Deciding whether to compress data

You should consider many factors before you decide whether to compress data.

Consider these factors before compressing data:

Data row size

DB2® compresses the data of one record at a time. (The prefix of the record is not compressed.) As row lengths become shorter, compression yields diminishing returns because 8 bytes of overhead are required to store each record in a data page. On the other hand, when row lengths are very long, compression of the data portion of the row might yield little or no reduction in data set size because DB2 rows cannot span data pages. In the case of very long rows, using a larger page size can enhance the benefits of compression, especially if the data is accessed primarily in a sequential mode.

If compressing the record produces a result that is no shorter than the original, DB2 does not compress the record.

Table space size

Compression can work very well for large table spaces.
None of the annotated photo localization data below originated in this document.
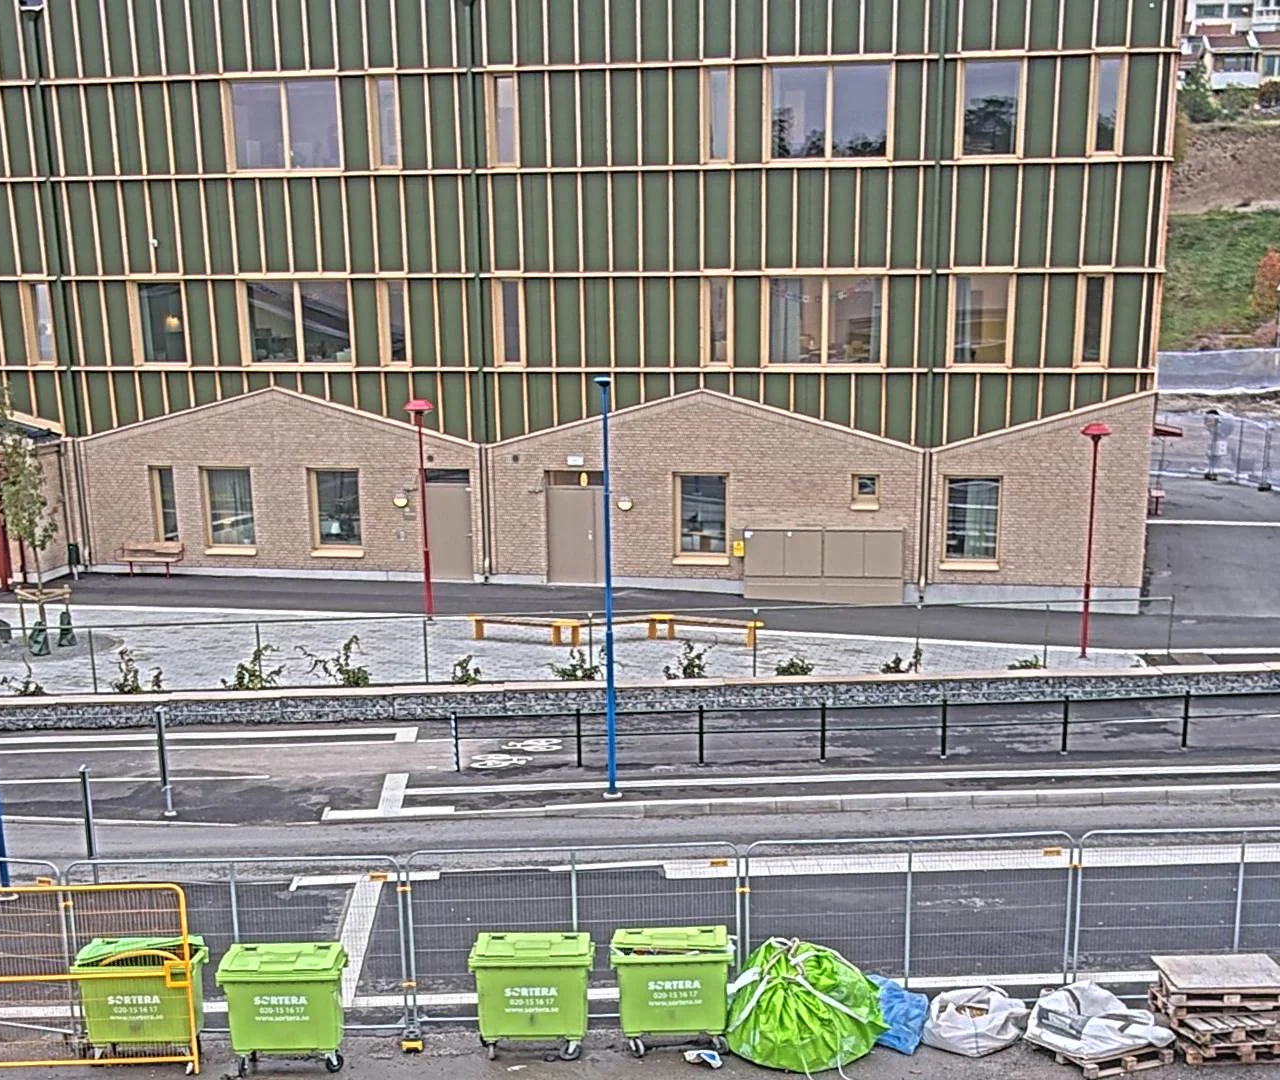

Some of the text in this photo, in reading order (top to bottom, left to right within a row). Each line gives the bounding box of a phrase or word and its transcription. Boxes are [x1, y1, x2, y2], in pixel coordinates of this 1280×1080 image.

[648, 980, 701, 990] SORTERA
[504, 987, 558, 997] SORTERA
[107, 995, 160, 1004] SORTERA
[253, 996, 308, 1005] SORTERA
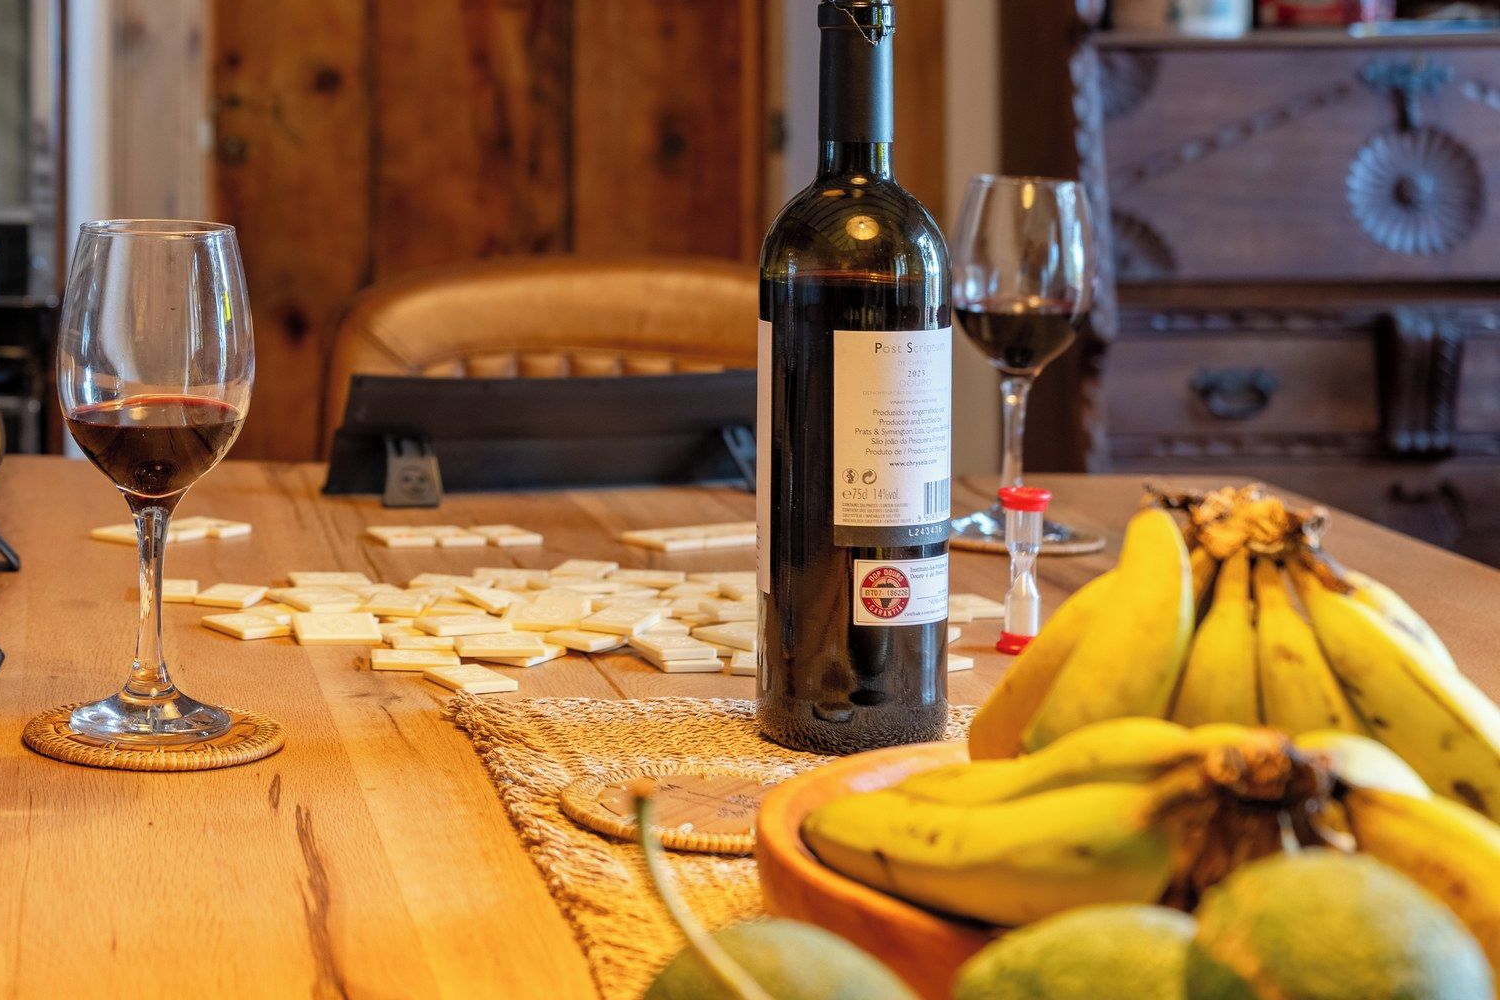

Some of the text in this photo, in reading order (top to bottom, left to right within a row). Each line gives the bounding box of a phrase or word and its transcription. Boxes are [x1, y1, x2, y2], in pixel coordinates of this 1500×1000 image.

[875, 341, 946, 358] Post Scriptum
[907, 369, 926, 378] 2023
[872, 408, 905, 416] Produzido
[878, 418, 908, 426] Produced
[854, 427, 872, 435] Prats
[871, 437, 883, 445] São
[884, 437, 899, 446] João
[900, 437, 908, 445] da
[865, 447, 892, 456] Produto
[894, 448, 902, 456] de
[907, 447, 928, 455] Product
[908, 524, 943, 538] L243436
[868, 569, 904, 582] DOP DOURO
[868, 604, 903, 617] GARANTIA
With small table spaces, the size of the compression dictionary (64 KB) can offset the space savings that compression provides.

Processing costs

Decompressing a row of data costs significantly less than compressing that same row. The access path that DB2 chooses impacts the processor cost for data compression. In general, the relative overhead of compression is higher for table space scans and is less costlier for index access.

I/O costs

When rows are accessed sequentially, fewer I/Os might be required to access data that is stored in a compressed table space. However, the reduced I/O resource consumption is traded for extra processor cost for decoding the data.

If random I/O is necessary to access the data, the number of I/Os does not decrease significantly, unless the associated buffer pool is larger than the table and the other applications require little concurrent buffer pool usage.
Some types of data compress better than others. Data that contains hexadecimal characters or strings that occur with high frequency compresses quite well, while data that contains random byte frequencies might not compress at all. For example, textual and decimal data tends to compress well because certain byte strings occur frequently.

Data patterns

The frequency of patterns in the data determines the compression savings. Data with many repeated strings (such as state and city names or numbers with sequences of zeros) results in good compression savings.

Table space design

Each table space or partition that contains compressed data has a compression dictionary. The compression dictionary is built when you populate the table space with data.
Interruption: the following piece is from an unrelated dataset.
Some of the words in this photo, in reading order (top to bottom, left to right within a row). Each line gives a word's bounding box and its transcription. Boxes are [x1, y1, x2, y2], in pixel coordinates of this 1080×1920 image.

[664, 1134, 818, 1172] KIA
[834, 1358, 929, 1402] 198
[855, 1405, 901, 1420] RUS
The dictionary contains a fixed number of entries, usually 4096, and resides with the data. The dictionary content is based on the data at the time it was built, and does not change unless the dictionary is rebuilt or recovered, or compression is disabled with ALTER TABLESPACE.

If you use the REORG utility to build the compression dictionary, DB2 uses a sampling technique to build the dictionary. This technique uses the first n rows from the table space and then continues to sample rows for the remainder of the UNLOAD phase. The value of n is determined by how much your data can be compressed. In most cases, this sampling technique produces a better dictionary and might produce better results for table spaces that contain tables with dissimilar kinds of data.

Otherwise, DB2 uses only the first n rows added to the table space to build the contents of the dictionary.

If you have a table space that contains more than one table, and the data used to build the dictionary comes from only one or a few of those tables, the data compression might not be optimal for the remaining tables. Therefore, put a table that you want to compress into a table space by itself, or into a table space that only contains tables with similar kinds of data.

Existing exit routines

An exit routine is executed before compressing or after decompressing, so you can use DB2 data compression with your existing exit routines. However, do not use DB2 data compression in conjunction with DSN8HUFF. (DSN8HUFF is a sample edit routine that compresses data using the Huffman algorithm, which is provided with DB2. This adds little additional compression at the cost of significant extra CPU processing.

Logging effects

If a data row is compressed, all data that is logged because of SQL changes to that data is compressed. Thus, you can expect less logging for insertions and deletions; the amount of logging for updates varies. Applications that are sensitive to log-related resources can experience some benefit with compressed data.

External routines that read the DB2 log cannot interpret compressed data without access to the compression dictionary that was in effect when the data was compressed. However, using IFCID 306, you can cause DB2 to read log records of compressed data in decompressed format. You can retrieve those decompressed records by using the IFI function READS.

Distributed data

DB2 decompresses data before transmitting it to VTAM®.